[Start of Attachment]
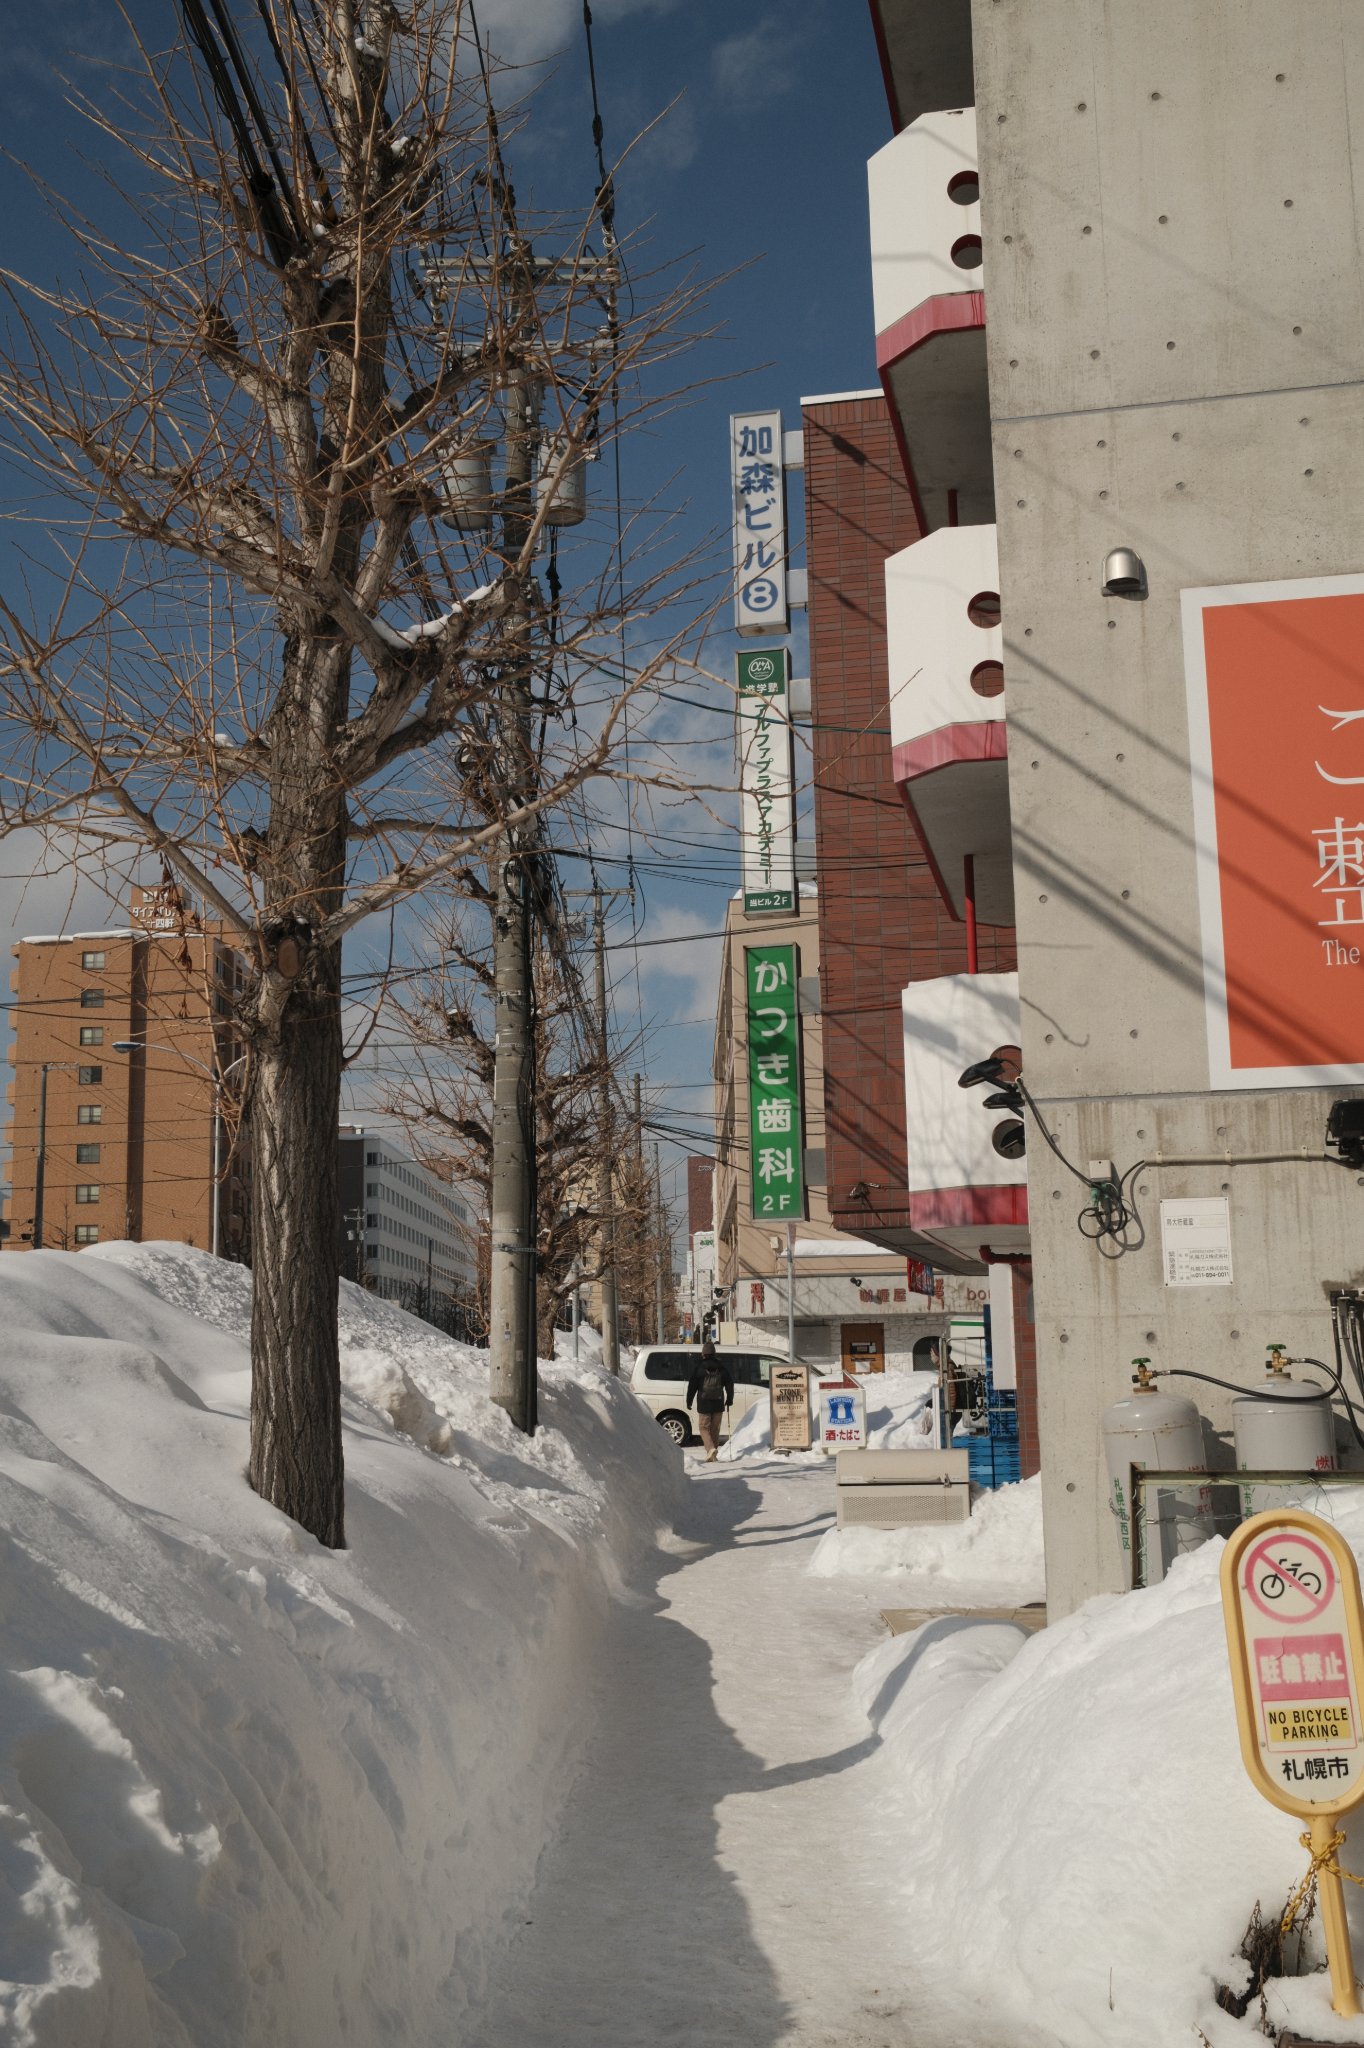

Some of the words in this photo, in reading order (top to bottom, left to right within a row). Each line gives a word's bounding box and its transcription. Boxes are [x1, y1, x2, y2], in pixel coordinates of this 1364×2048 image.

[754, 704, 774, 885] アルファプラスアカデミー
[137, 918, 175, 928] 二十四軒
[1322, 939, 1361, 967] The
[754, 960, 795, 1185] かつき歯科
[1260, 1651, 1345, 1684] 駐輪禁止
[1269, 1711, 1287, 1725] NO
[1293, 1707, 1349, 1724] BICYCLE
[1282, 1724, 1339, 1740] PARKING
[1281, 1756, 1350, 1781] 札幌市
[End of Attachment]
### Goal of the exercise
Although the entries contain pictures, copy everything else in them exactly.

### Exercise result
Some of the words in this photo, in reading order (top to bottom, left to right within a row). Each line gives a word's bounding box and its transcription. Boxes are [x1, y1, x2, y2], in pixel coordinates of this 1364×2048 image.

[754, 704, 774, 885] アルファプラスアカデミー
[137, 918, 175, 928] 二十四軒
[1322, 939, 1361, 967] The
[754, 960, 795, 1185] かつき歯科
[1260, 1651, 1345, 1684] 駐輪禁止
[1269, 1711, 1287, 1725] NO
[1293, 1707, 1349, 1724] BICYCLE
[1282, 1724, 1339, 1740] PARKING
[1281, 1756, 1350, 1781] 札幌市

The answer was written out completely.